Kevin Prince, chief technology officer of information security firm Perimeter eSecurity, says the problem is escalating: A 2007 study by the University of Maryland suggests someone - or some system - attempt to compromise an average computer network every 38 seconds. One in three of these attempts are successful. And more than half of the more than 55,000 incidents of wire fraud reported since 1998 have occurred in the last two years, according to a recent Treasury Department report cited by the Wall Street Journal.
A new challenge many companies, retailers, in particular, face today is the proliferation of electronic transactions: Consumers aren't simply buying more things using their computers, they also are transacting business and purchases using smartphones, netbooks and other devices over networks that may or may not be secure.
Companies must step up their efforts to protect their data not just when it resides on their servers, but when it is transferred back and forth to different networks, says Ken Pappas, a security strategist with Top Layer Networks. "A lot of these programs have 20th century defenses in their networks and are depending on firewalls alone to keep data safe," he says, explaining hackers are a sophisticated lot who will pinpoint the weakest link in a security system.

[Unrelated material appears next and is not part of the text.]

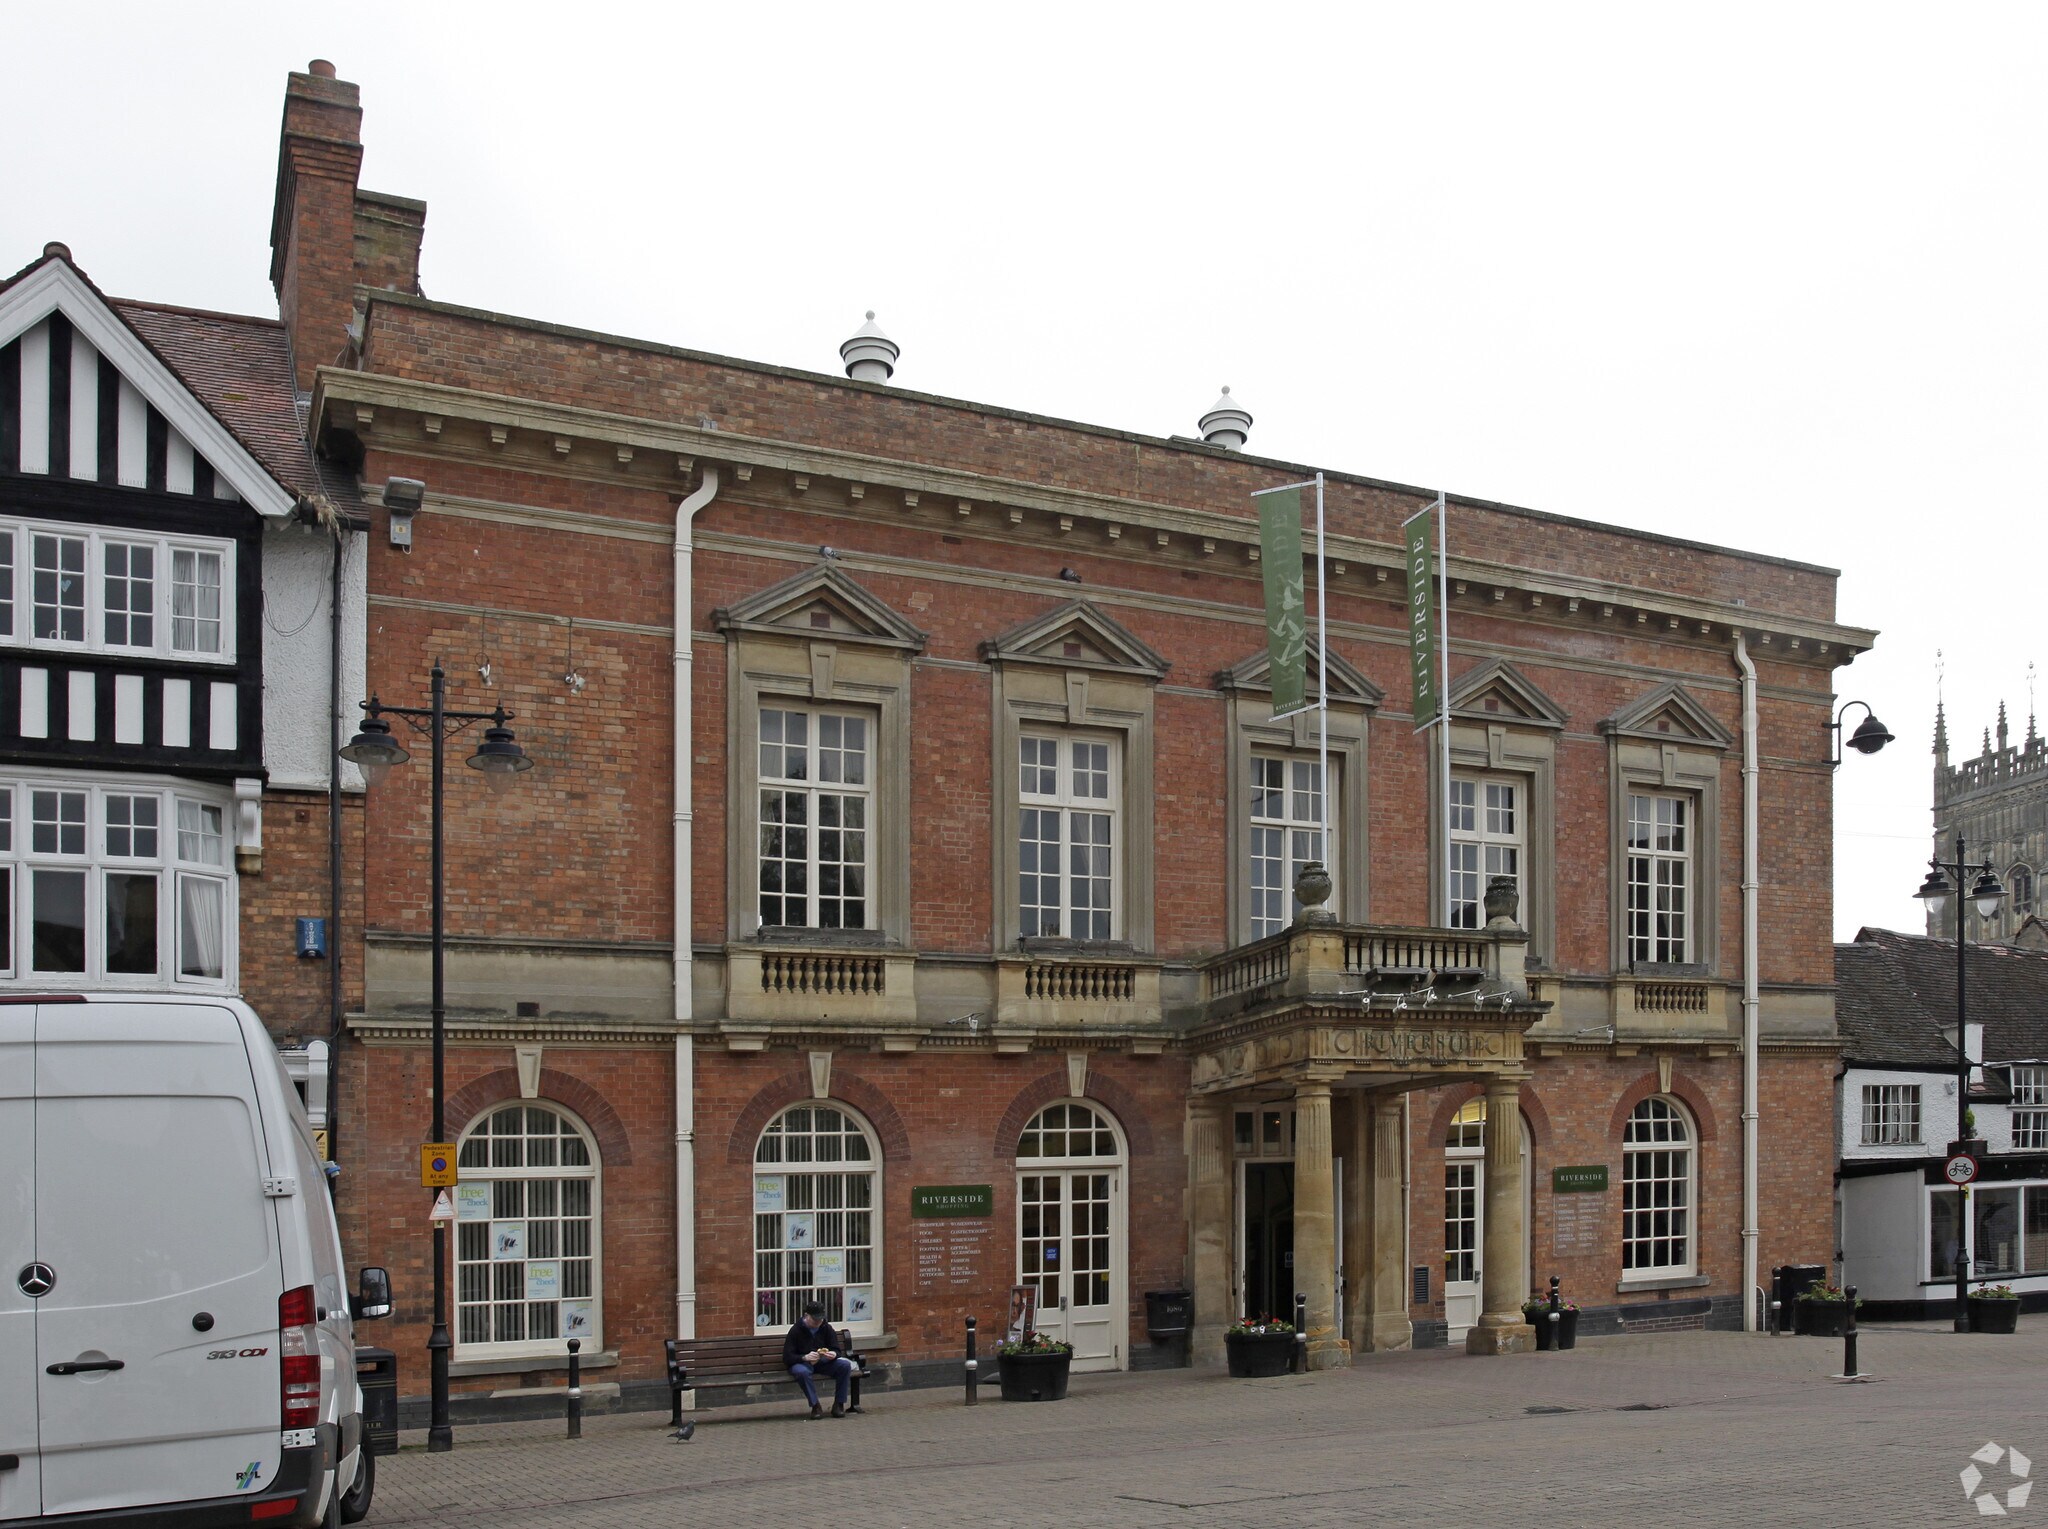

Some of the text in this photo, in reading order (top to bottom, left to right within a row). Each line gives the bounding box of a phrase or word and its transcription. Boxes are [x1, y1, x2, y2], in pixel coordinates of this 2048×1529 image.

Certainly, that's what Gonzalez and two suspected hackers living outside the United States were accused of doing: they allegedly visited retail stores to scout out weak payment processing systems and then used malicious software called malware to attack computers and steal data as it moved through computer networks.
SophosLabs specializes in protecting businesses from malware. Richard Wang, one of the firm's security experts, suggests businesses can do two things immediately to better insulate themselves from the threat. First, they can give thought to the initial design of their networking system.s And second, businesses must stay atop the myriad patches that come out for the applications their systems rely on.
Also, says Wang, companies need to make sure data is secure at every step of a potential transaction, including the times data are in transit over fiber or wireless networks.
Like SophosLabs and Perimenter, plenty of security outfits have sprung up in the last decade to help companies keep up-to-date, but even many of their analysts suggest that staying ahead of hackers is a bit like playing cat-and-mouse.
Surprisingly, just as businesses are stepping up to the challenge of dealing with cybertheft, consumers have become numb to it, according to Perimeter's Prince. He explains that consumers just call their credit card companies to have the charges rescinded or the cards reissued. "They don't have any personal repercussions so they aren't concerned," he says. "It's sad because it has a really large negative impact on business."